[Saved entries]
┄┄┄┄┄┄

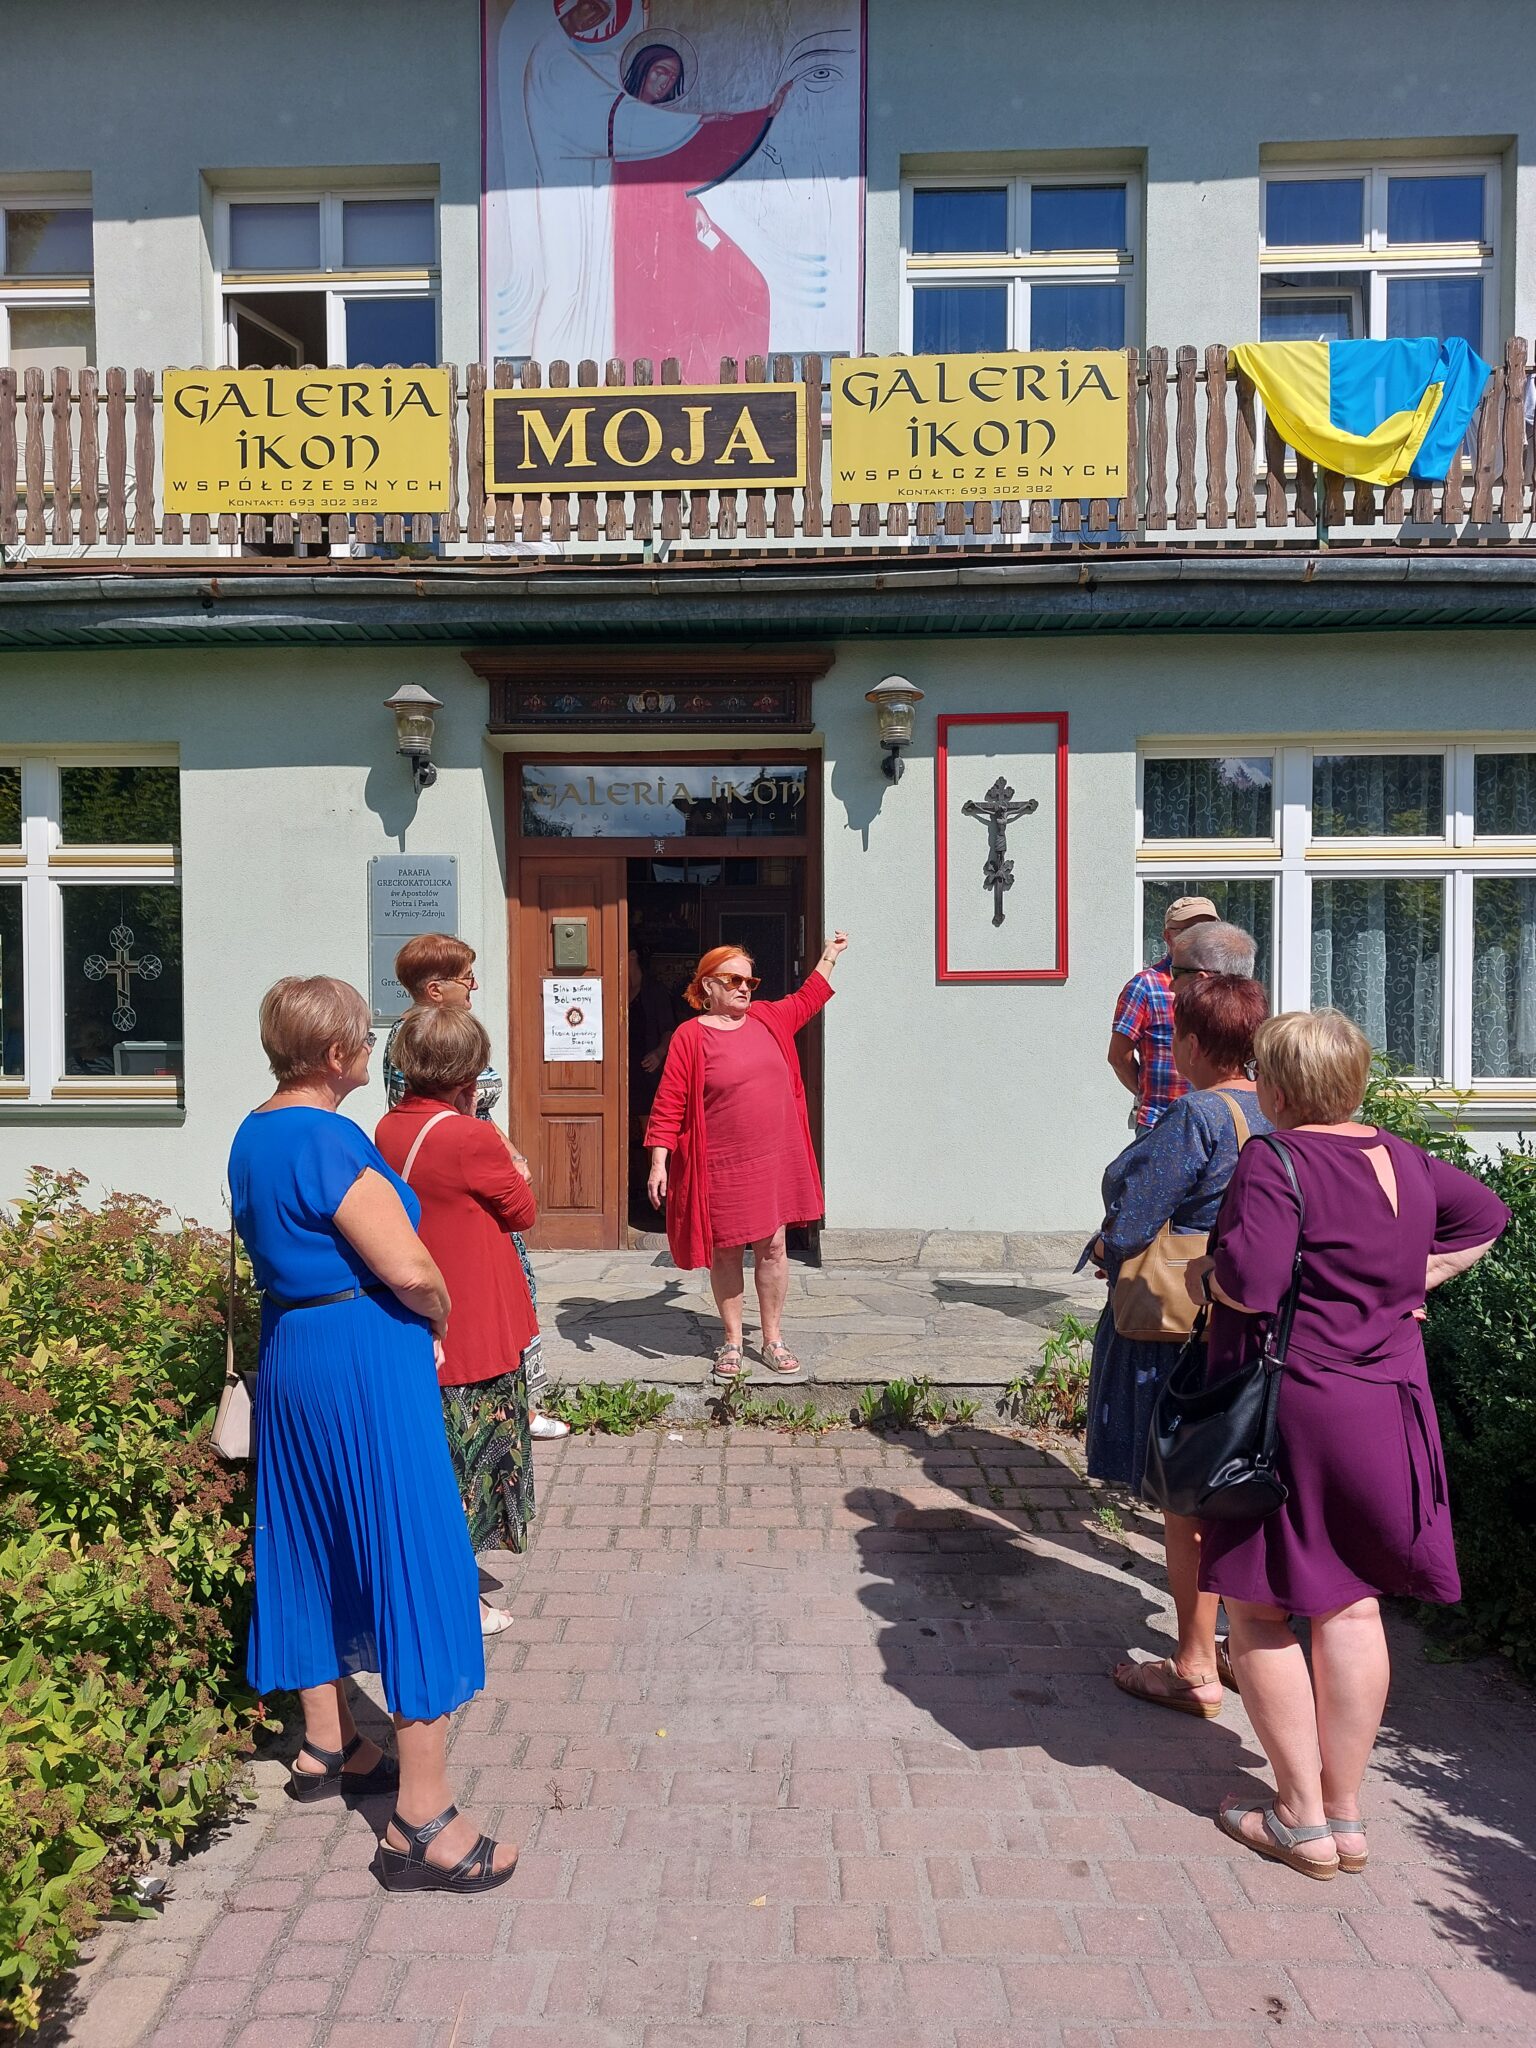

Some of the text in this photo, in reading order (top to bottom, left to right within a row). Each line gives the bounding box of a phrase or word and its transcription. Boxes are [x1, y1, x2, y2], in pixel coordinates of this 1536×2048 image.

[516, 405, 776, 469] MOJA
[840, 464, 1119, 481] WSPÓŁCZESNYCH
[173, 477, 442, 491] WSPÓŁCZESNYCH
[960, 486, 987, 495] 693
[993, 486, 1020, 494] 302
[1026, 484, 1054, 493] 382
[398, 868, 431, 876] PARAFIA
[377, 879, 452, 887] GRECKOKATOLICKA
[401, 890, 439, 898] Apostołów
[392, 909, 446, 919] Krynicy-Zdroju

┄┄┄┄┄┄

Please repeat each line above exactly as it appears, but omit the pictures.

Some of the text in this photo, in reading order (top to bottom, left to right within a row). Each line gives the bounding box of a phrase or word and its transcription. Boxes are [x1, y1, x2, y2], in pixel coordinates of this 1536×2048 image.

[516, 405, 776, 469] MOJA
[840, 464, 1119, 481] WSPÓŁCZESNYCH
[173, 477, 442, 491] WSPÓŁCZESNYCH
[960, 486, 987, 495] 693
[993, 486, 1020, 494] 302
[1026, 484, 1054, 493] 382
[398, 868, 431, 876] PARAFIA
[377, 879, 452, 887] GRECKOKATOLICKA
[401, 890, 439, 898] Apostołów
[392, 909, 446, 919] Krynicy-Zdroju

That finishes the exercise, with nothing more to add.